- Type: AR-15
- Place of origin: United States

Production history
- Manufacturer: IWI US
- Produced: 2020-present

Specifications
- Mass: 6.9 lbs without magazine
- Length: 33 inches (stock collapsed) 36.25 inches (stock extended)
- Barrel length: 16 inches
- Caliber: 5.56×45mm NATO
- Action: Direct impingement
- Feed system: 30-round detachable STANAG magazine

= IWI Zion-15 =

American-made AR-15 by Israel Weapon Industry US

The IWI US Zion-15 is an AR-15–style rifle assembled in Middletown, Dauphin County, Pennsylvania by IWI US, originally released in 2020. Marketed at a competitively low price, it is considered to be a budget or entry level rifle designed for American consumers optimized for home defense or competition, chambered in 5.56 NATO.
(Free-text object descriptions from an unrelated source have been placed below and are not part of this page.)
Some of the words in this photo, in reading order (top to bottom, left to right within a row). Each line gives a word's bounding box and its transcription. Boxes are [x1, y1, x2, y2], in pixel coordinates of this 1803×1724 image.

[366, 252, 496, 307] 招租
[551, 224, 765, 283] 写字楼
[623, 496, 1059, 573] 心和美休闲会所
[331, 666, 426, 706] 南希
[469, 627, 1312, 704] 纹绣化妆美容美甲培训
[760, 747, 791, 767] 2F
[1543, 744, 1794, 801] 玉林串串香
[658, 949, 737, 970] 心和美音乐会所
The rifle has received numerous accolades for its value.

== Design ==
The Zion-15 is IWI's first M4-styled modern sporting rifle. It uses a direct impingement gas system, has a 16-inch barrel with a 1:8 inch twist, has a 15-inch free-floated handguard with M-LOK attachment points, and an adjustable stock, while the upper receiver has a Picatinny top rail.
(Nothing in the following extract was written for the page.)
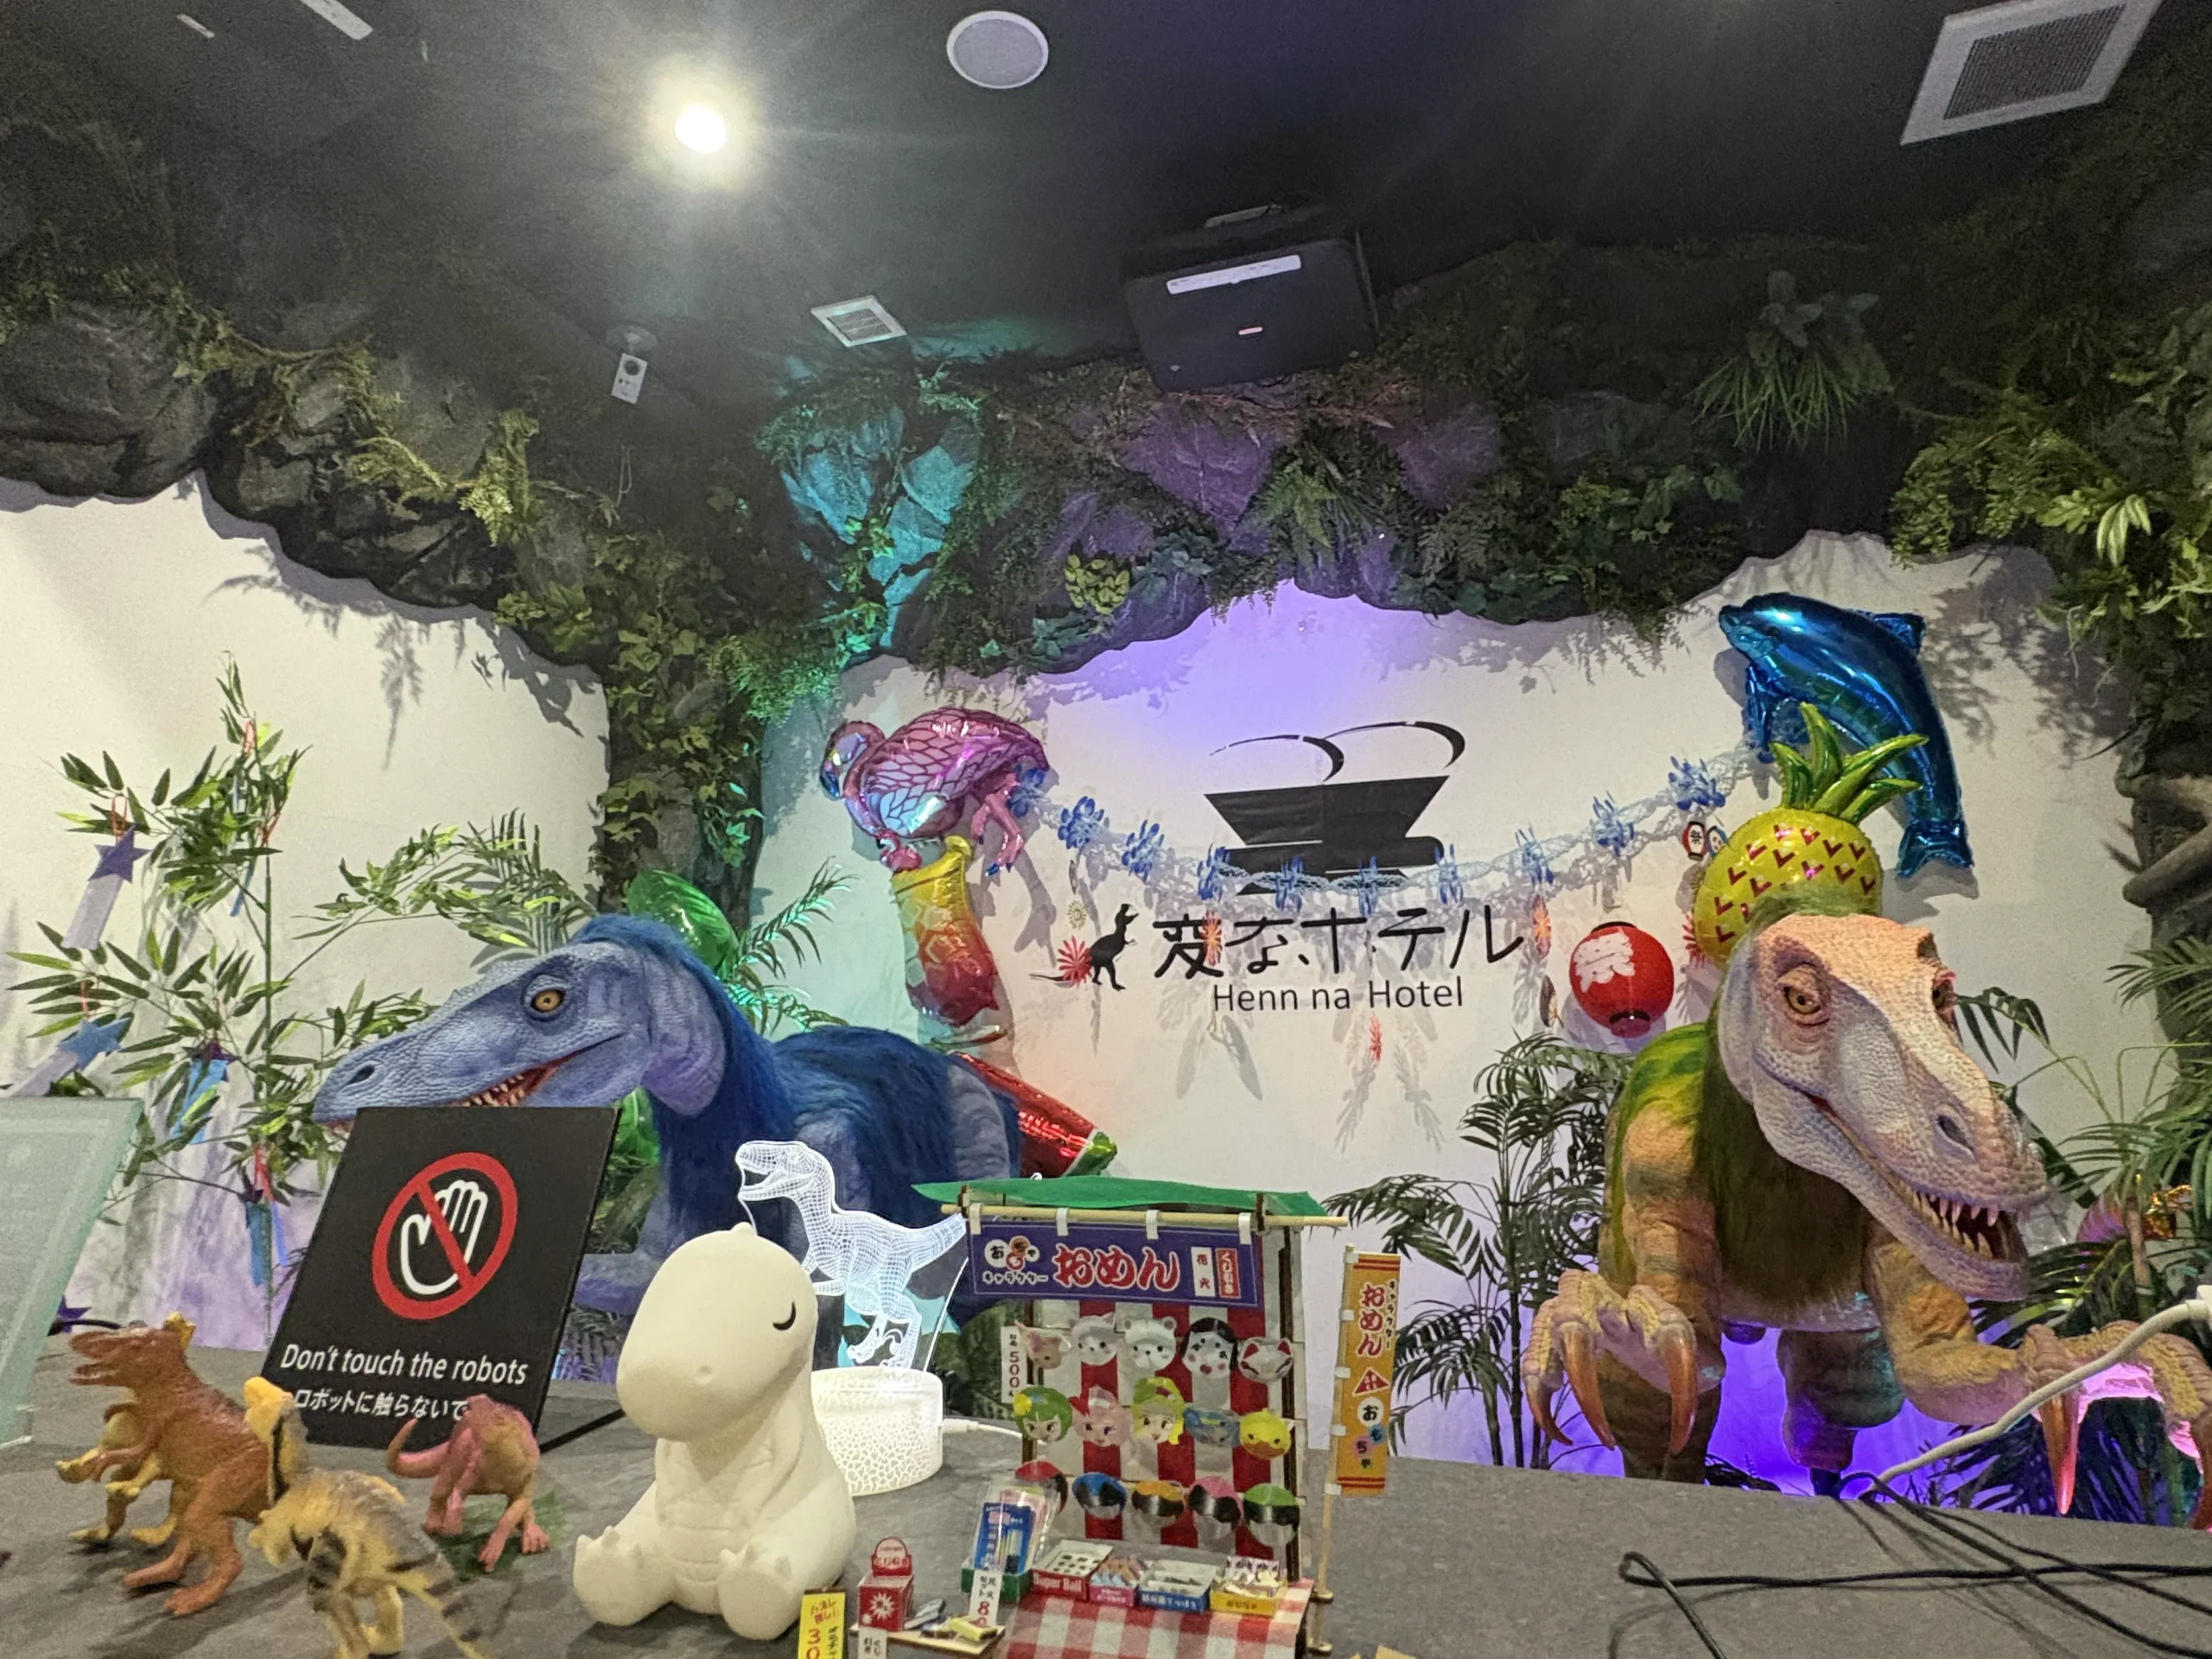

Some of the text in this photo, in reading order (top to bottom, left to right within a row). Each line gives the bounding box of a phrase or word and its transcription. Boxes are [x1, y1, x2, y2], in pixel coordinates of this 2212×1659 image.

According to IWI, the Zion-15 has an accuracy of 1 MOA or less; it was tested for over 10,000 rounds with no significant degradation to accuracy.

==Zion-15 pistol==
IWI US introduced the Zion-15 Pistol (designated the “Z15TAC12”) alongside the Zion-15 rifle in 2020. It comes with a 12.5-inch 4150 chrome moly vanadium HB barrel with a 6-groove, 1-in-8 RH twist, an 11.5-inch free float handguard, an adjustable SB Tactical SBA3 stabilizing brace, and a B5 Systems grip. The pistol weighs 6.5 lbs and has an overall length of 28.5 inches with the brace extended. It was made to be a direct competitor to other AR-15 pistols on the market, including the Smith & Wesson M&P15 pistol & the Ruger AR-556 pistol.

==Zion-25==
In May 2025, IWI introduced the Zion-25, an AR-10-style rifle chambered in .308 and 6.5 Creedmoor in a 16” carbine and 18”, 20” and 22” DMR length.